Work task. Without including the images, transcribe each record precisely as it appears below.

Records drawn from a dataset.
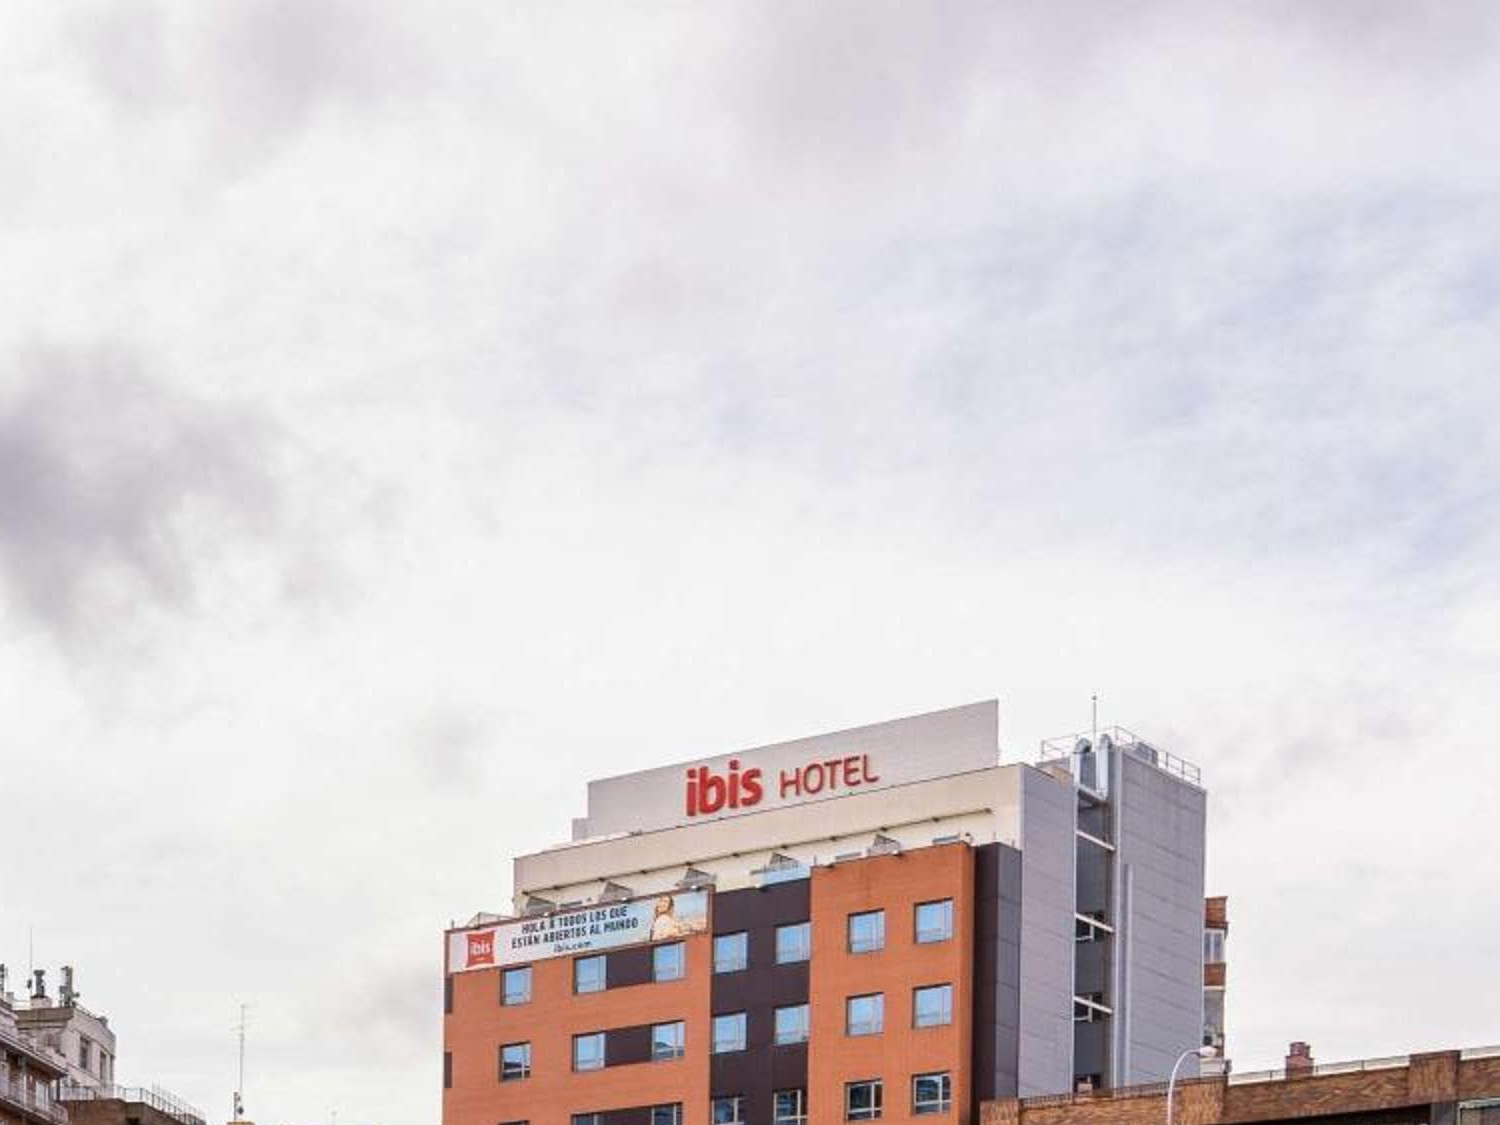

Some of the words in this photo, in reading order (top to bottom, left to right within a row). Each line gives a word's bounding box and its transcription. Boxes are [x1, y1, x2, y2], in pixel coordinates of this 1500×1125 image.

[685, 759, 764, 817] ibis
[779, 754, 880, 799] HOTEL
[520, 921, 547, 935] HOLA
[556, 914, 587, 929] TODOS
[589, 910, 608, 923] LOS
[609, 905, 629, 919] QUE
[542, 927, 587, 944] ABIERTOS
[589, 923, 602, 936] AL
[603, 916, 639, 933] MUNDO
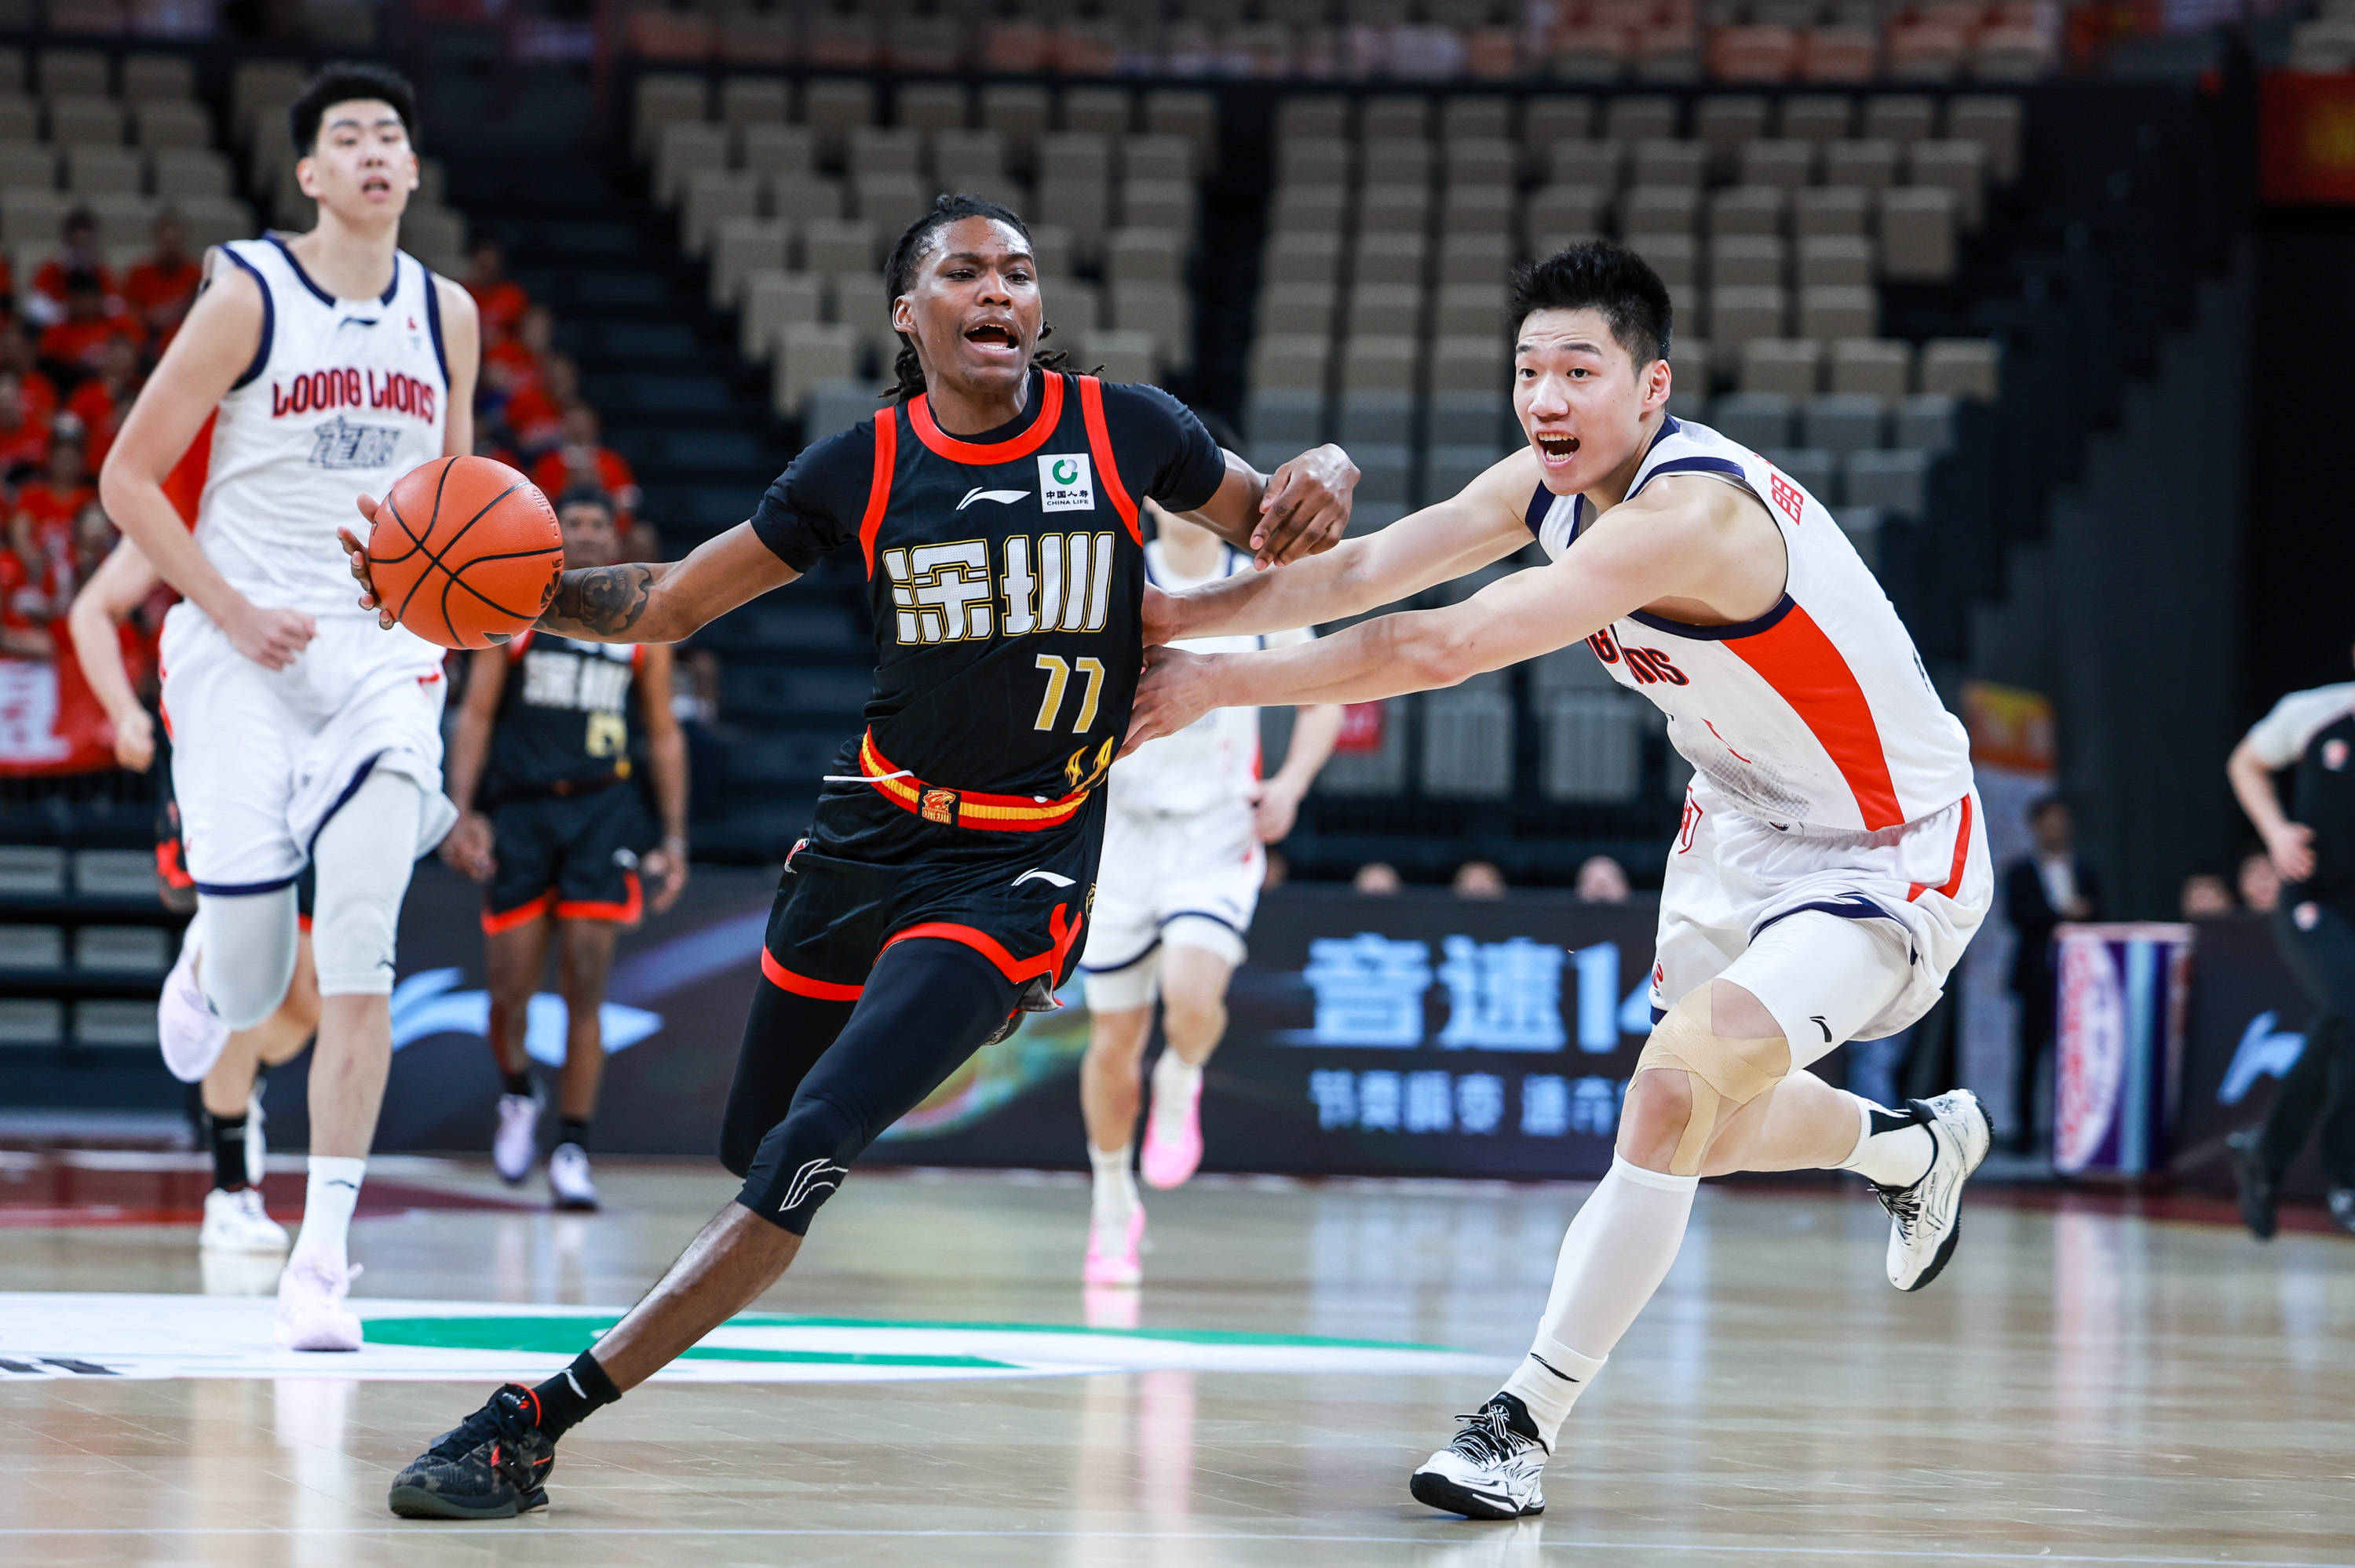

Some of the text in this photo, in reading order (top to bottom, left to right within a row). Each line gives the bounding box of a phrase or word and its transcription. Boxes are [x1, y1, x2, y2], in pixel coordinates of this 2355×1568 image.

[272, 367, 434, 425] LOONG LIONS
[1046, 490, 1089, 500] 中国人寿
[882, 531, 1115, 645] 深圳
[1034, 653, 1105, 734] 77
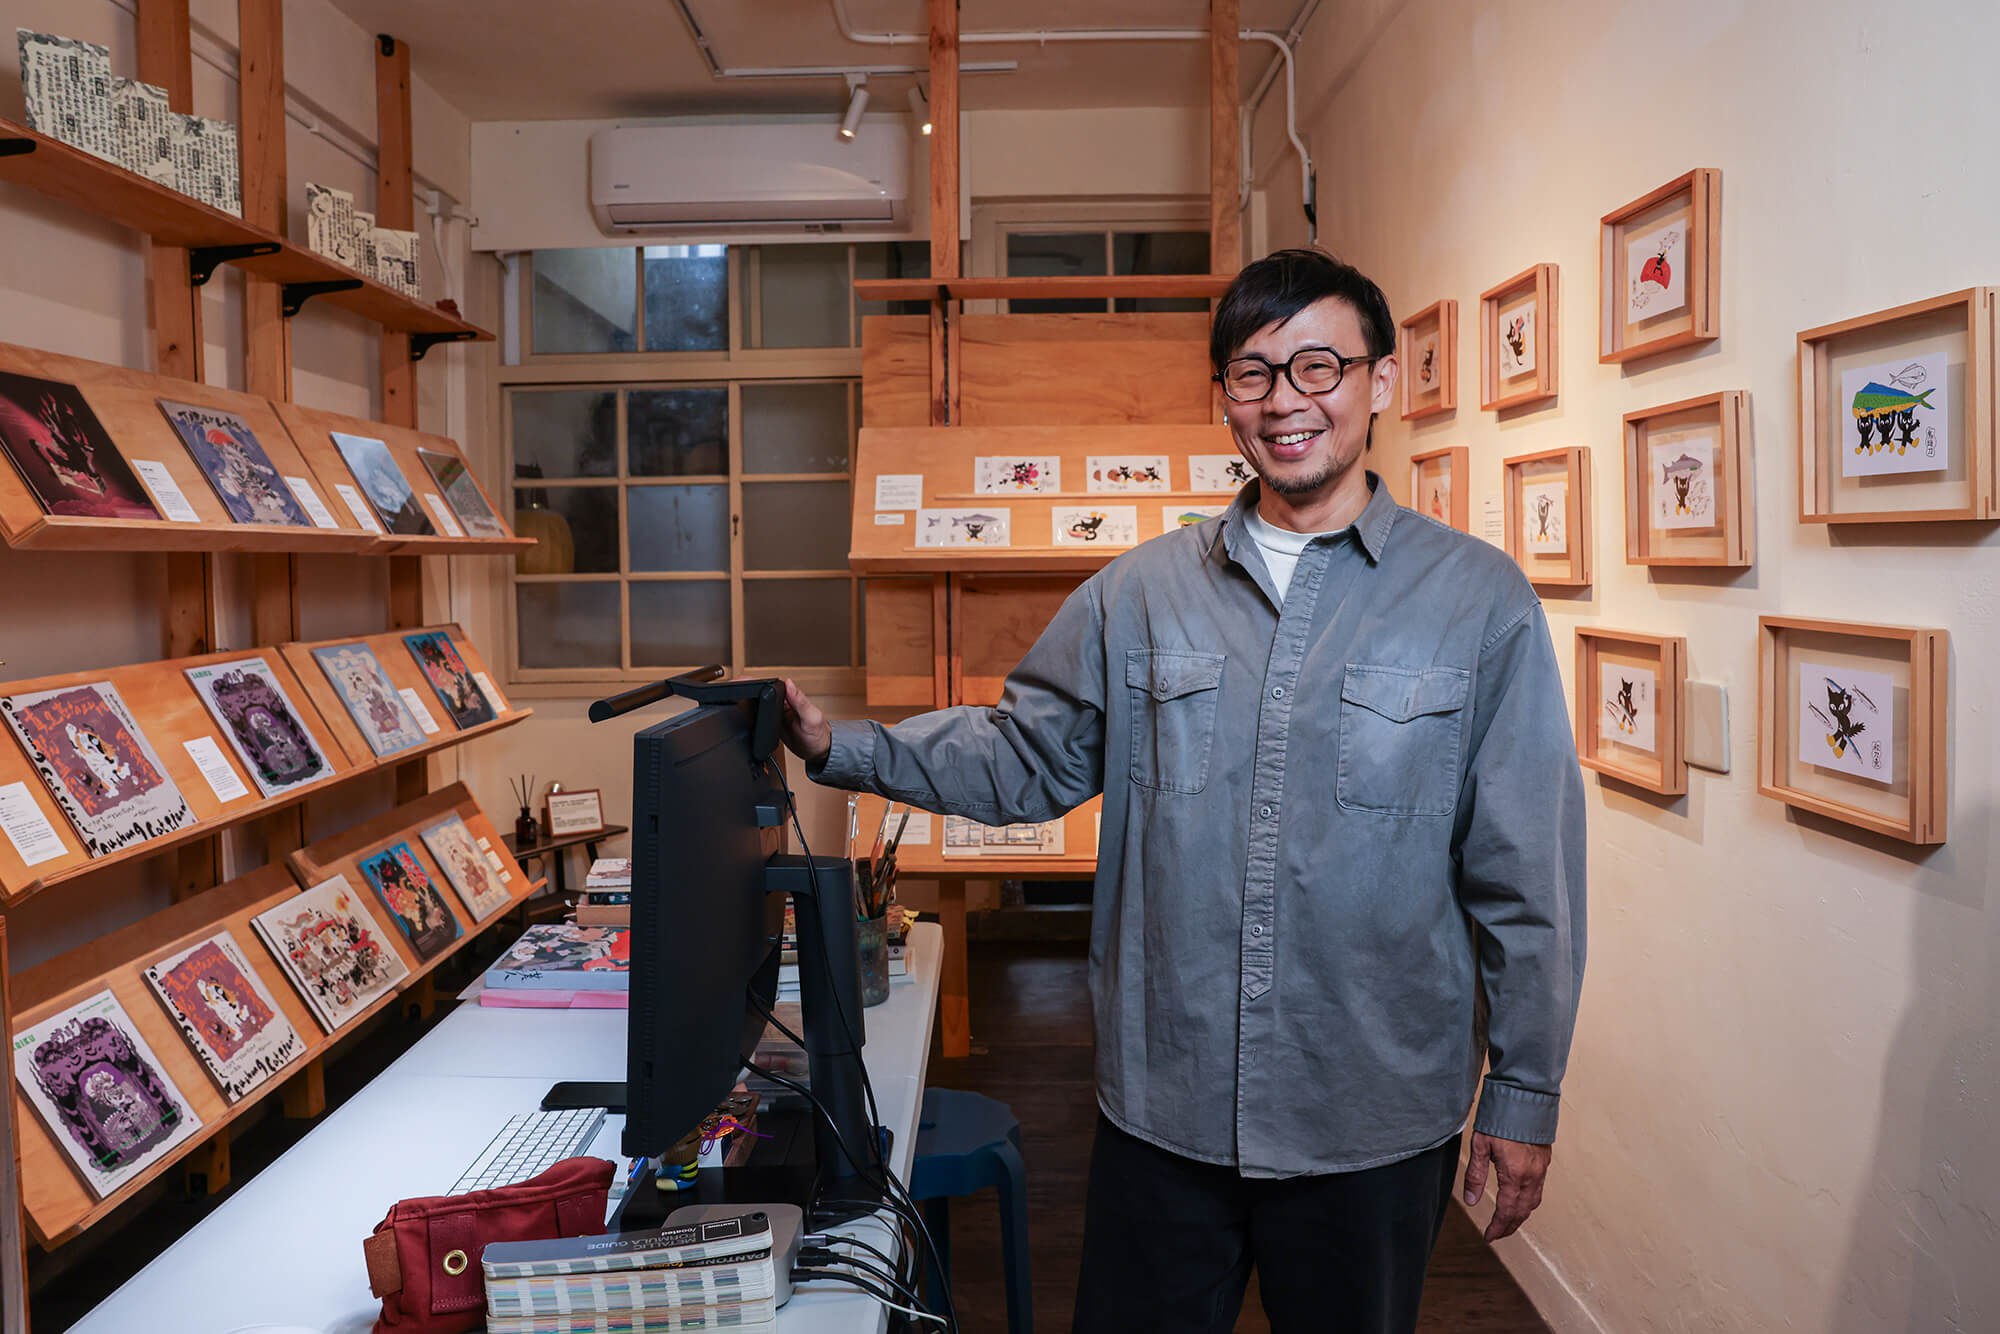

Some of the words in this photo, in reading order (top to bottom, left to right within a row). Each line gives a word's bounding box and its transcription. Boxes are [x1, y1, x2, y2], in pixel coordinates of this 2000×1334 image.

Task output.
Some of the words in this photo, in reading order (top to bottom, left to right within a row). Each line gives a word's bounding box and its transcription. Boxes are [x1, y1, x2, y2], in pixel coordinates of this 1500×1125 image.

[685, 759, 764, 817] ibis
[779, 754, 880, 799] HOTEL
[520, 921, 547, 935] HOLA
[556, 914, 587, 929] TODOS
[589, 910, 608, 923] LOS
[609, 905, 629, 919] QUE
[542, 927, 587, 944] ABIERTOS
[589, 923, 602, 936] AL
[603, 916, 639, 933] MUNDO

Some of the text in this photo, in reading order (top to bottom, left to right within a row). Each line gives the bounding box of a phrase or word and its transcription. Boxes are [x1, y1, x2, y2], in pixel coordinates of this 2355×1568 image.

[272, 367, 434, 425] LOONG LIONS
[1046, 490, 1089, 500] 中国人寿
[882, 531, 1115, 645] 深圳
[1034, 653, 1105, 734] 77

Some of the words in this photo, in reading order (top to bottom, left to right within a row). Each line gives a word's bounding box and its transcription. Boxes are [x1, y1, x2, y2], in pixel coordinates of this 2000×1334 image.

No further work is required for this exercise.